Spatial localization data
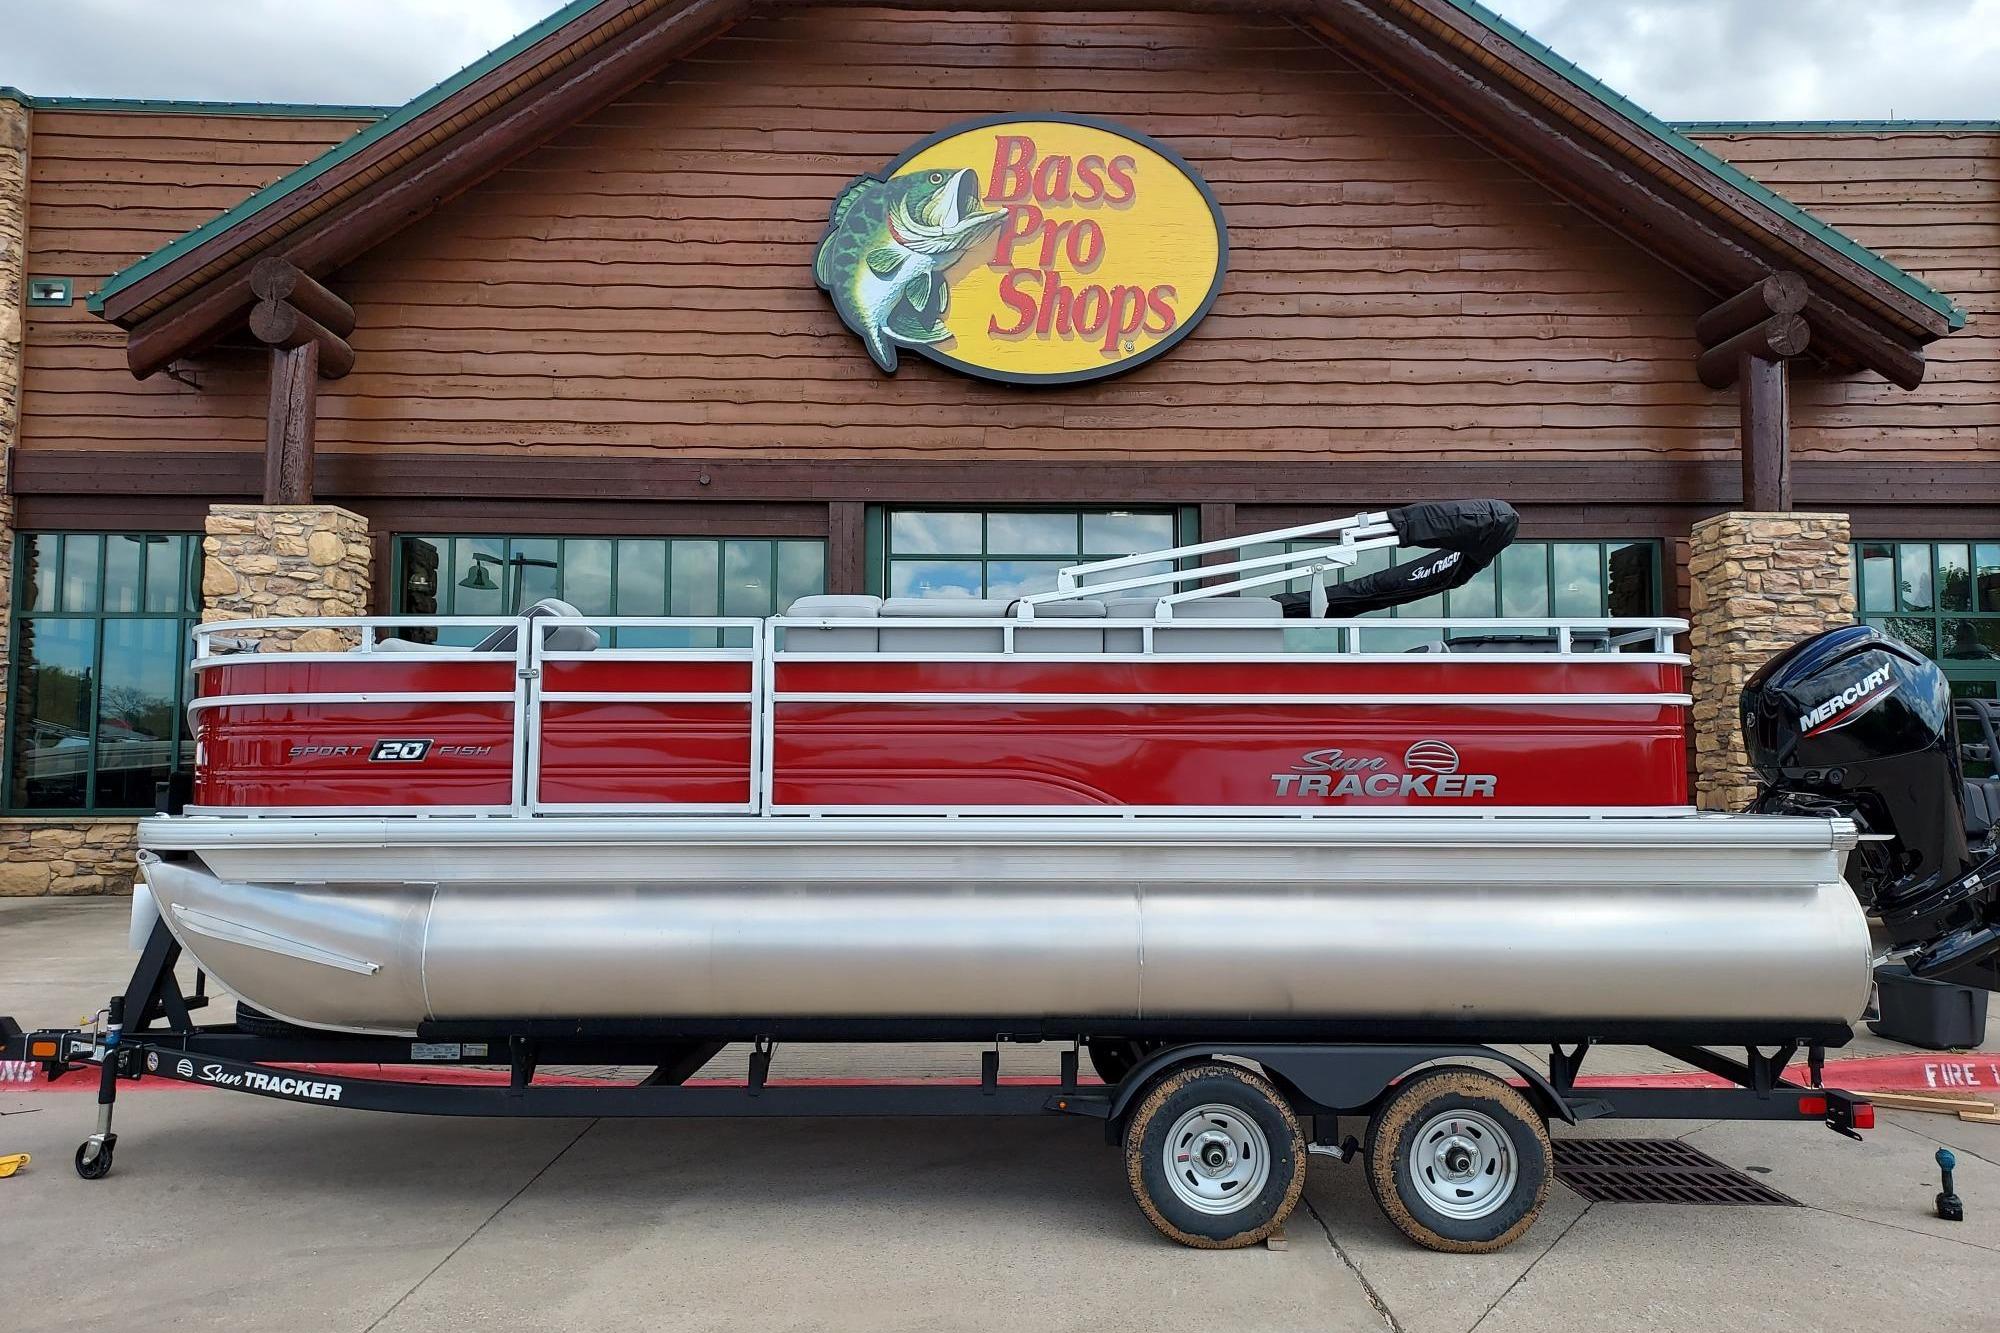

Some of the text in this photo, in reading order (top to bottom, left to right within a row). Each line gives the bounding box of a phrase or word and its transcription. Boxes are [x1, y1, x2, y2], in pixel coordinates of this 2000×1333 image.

[983, 134, 1137, 204] Bass
[986, 204, 1104, 268] Pro
[987, 268, 1178, 352] Shops
[1799, 662, 1891, 732] MERCURY
[288, 742, 492, 760] SPORT 20 FISH
[1290, 749, 1388, 772] Sun
[1271, 773, 1498, 798] TRACKER
[198, 1064, 342, 1101] Sun TRACKER
[1924, 1063, 1981, 1088] FIRE
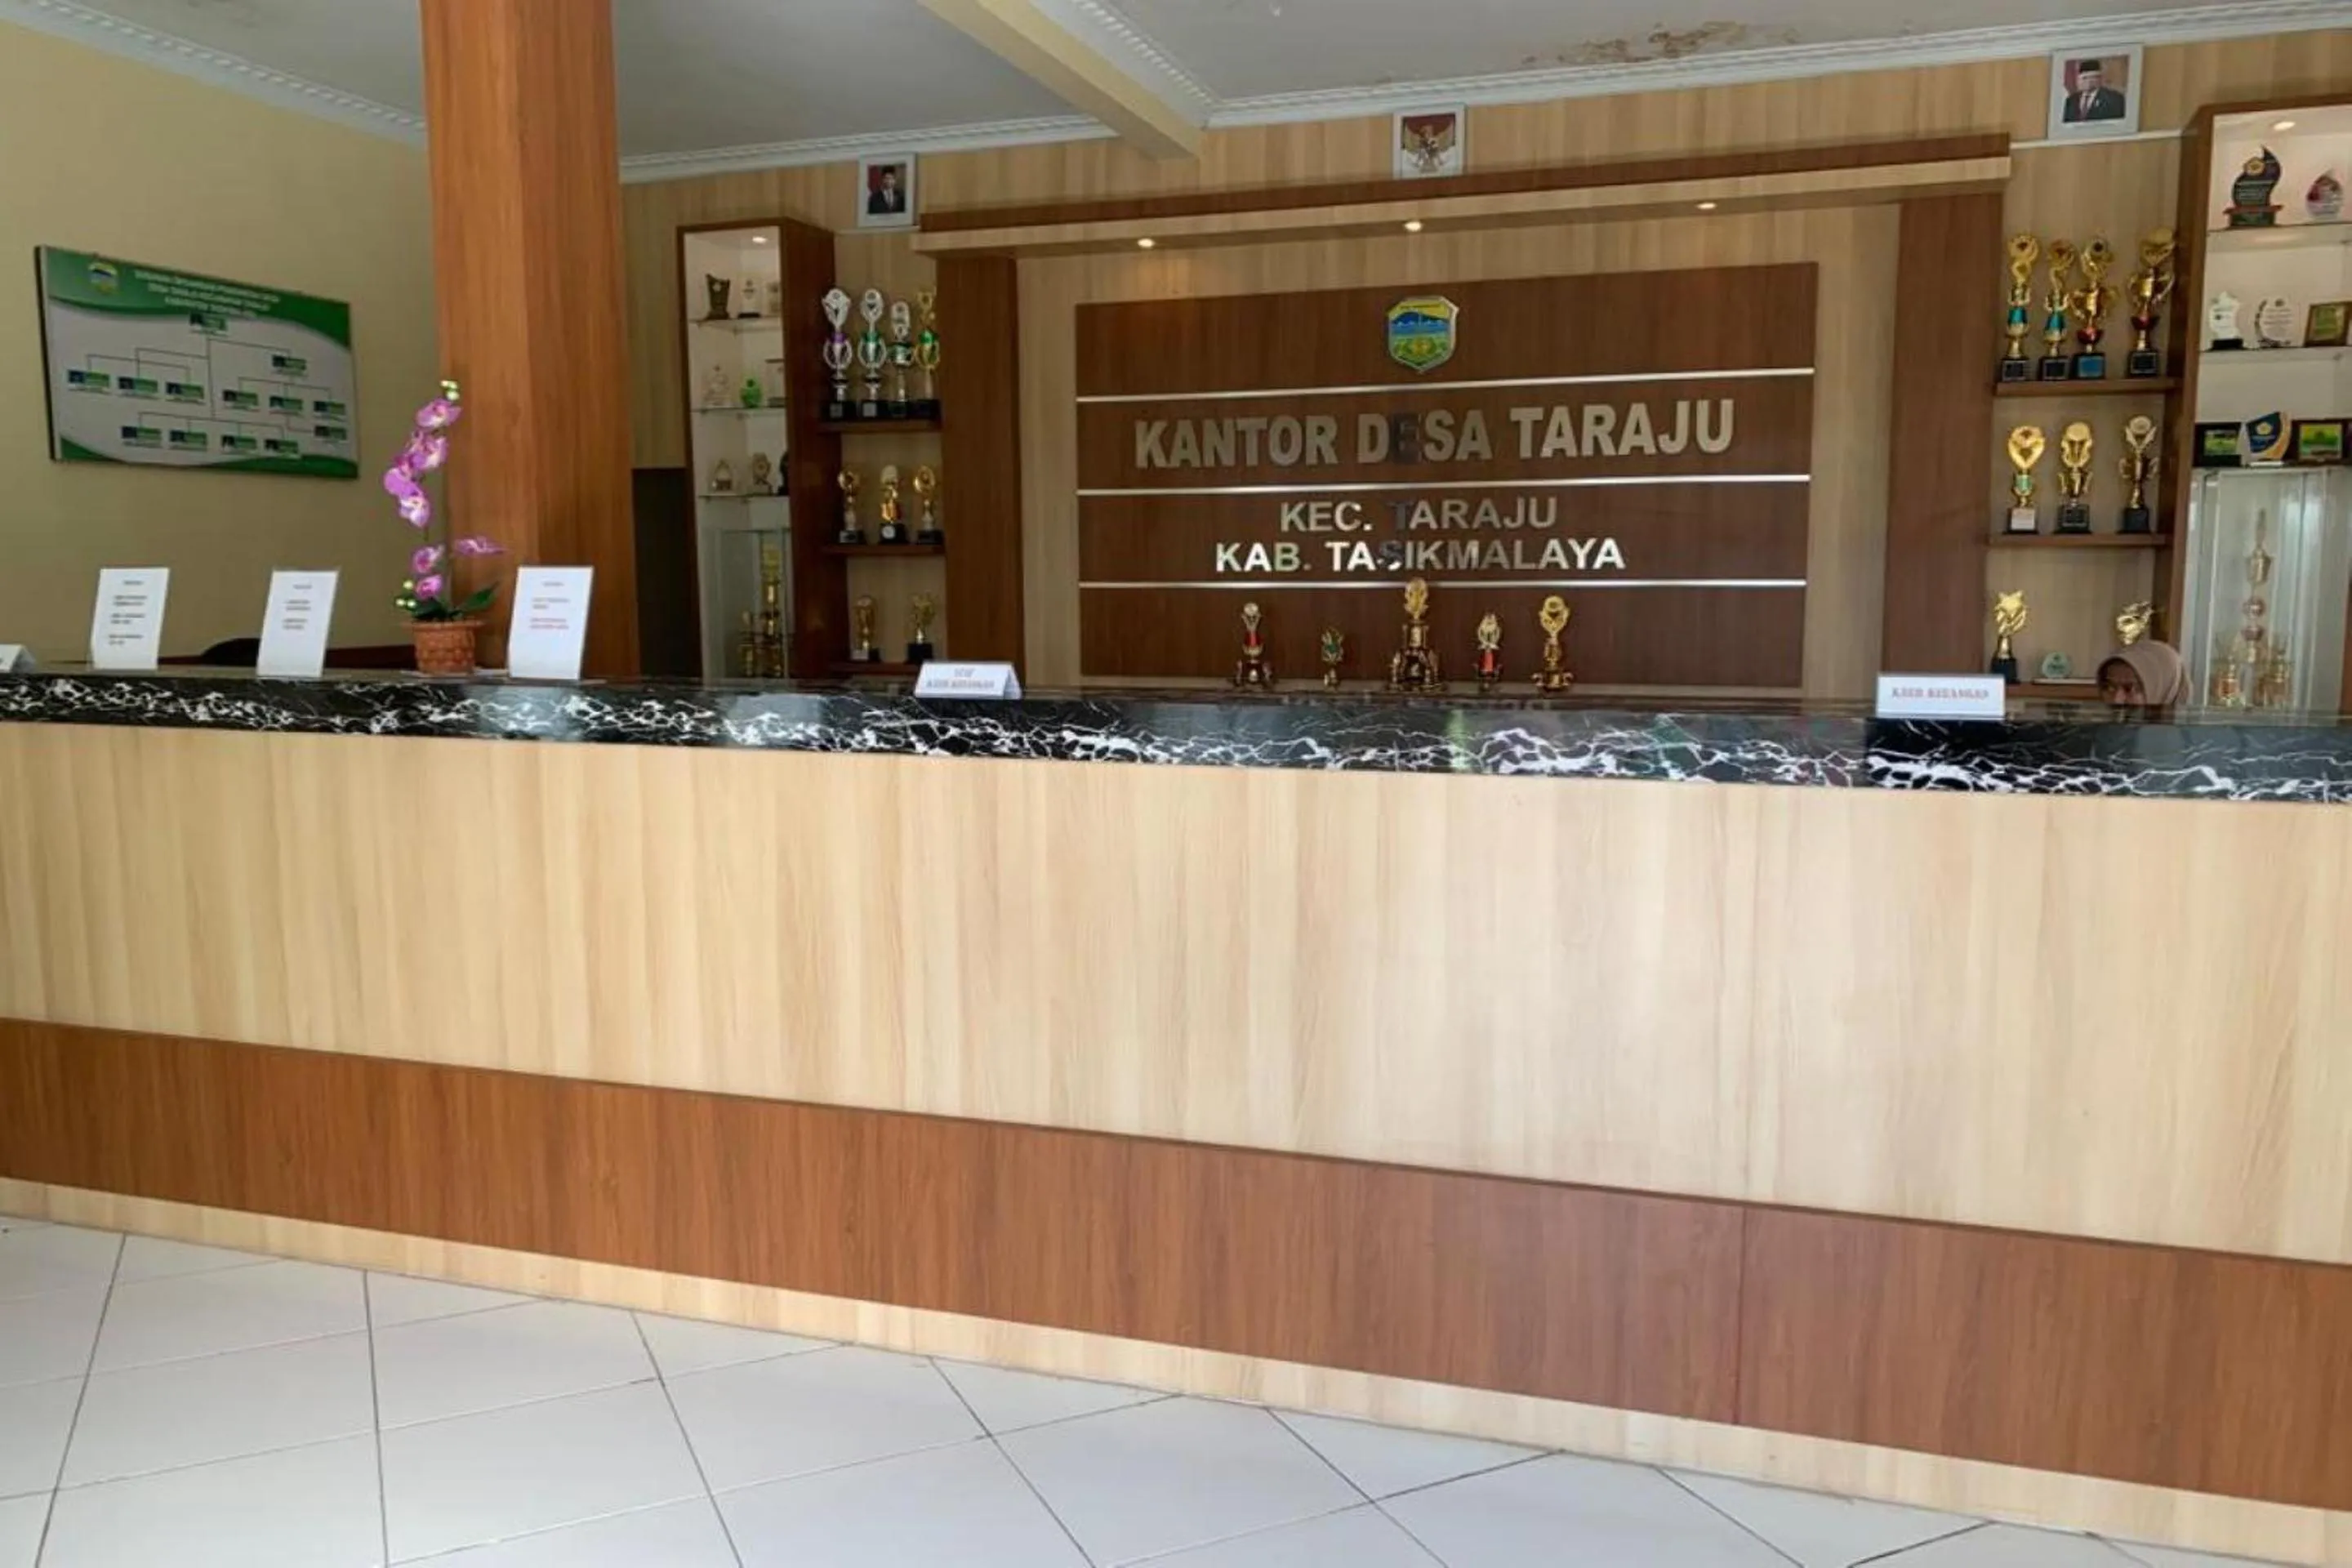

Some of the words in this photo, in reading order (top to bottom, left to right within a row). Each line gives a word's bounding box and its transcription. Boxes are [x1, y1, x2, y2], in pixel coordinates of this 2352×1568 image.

» **Assignment**
Print the records exactly, every one. Leave out the pictures.

» **Solution for this problem**
Some of the text in this photo, in reading order (top to bottom, left to right within a row). Each line gives the bounding box of a phrase or word and its transcription. Boxes are [x1, y1, x2, y2], in pixel coordinates of this 2000×1333 image.

[983, 134, 1137, 204] Bass
[986, 204, 1104, 268] Pro
[987, 268, 1178, 352] Shops
[1799, 662, 1891, 732] MERCURY
[288, 742, 492, 760] SPORT 20 FISH
[1290, 749, 1388, 772] Sun
[1271, 773, 1498, 798] TRACKER
[198, 1064, 342, 1101] Sun TRACKER
[1924, 1063, 1981, 1088] FIRE

Some of the words in this photo, in reading order (top to bottom, left to right within a row). Each line gives a word's bounding box and its transcription. Boxes are [x1, y1, x2, y2], in pixel coordinates of this 2352×1568 image.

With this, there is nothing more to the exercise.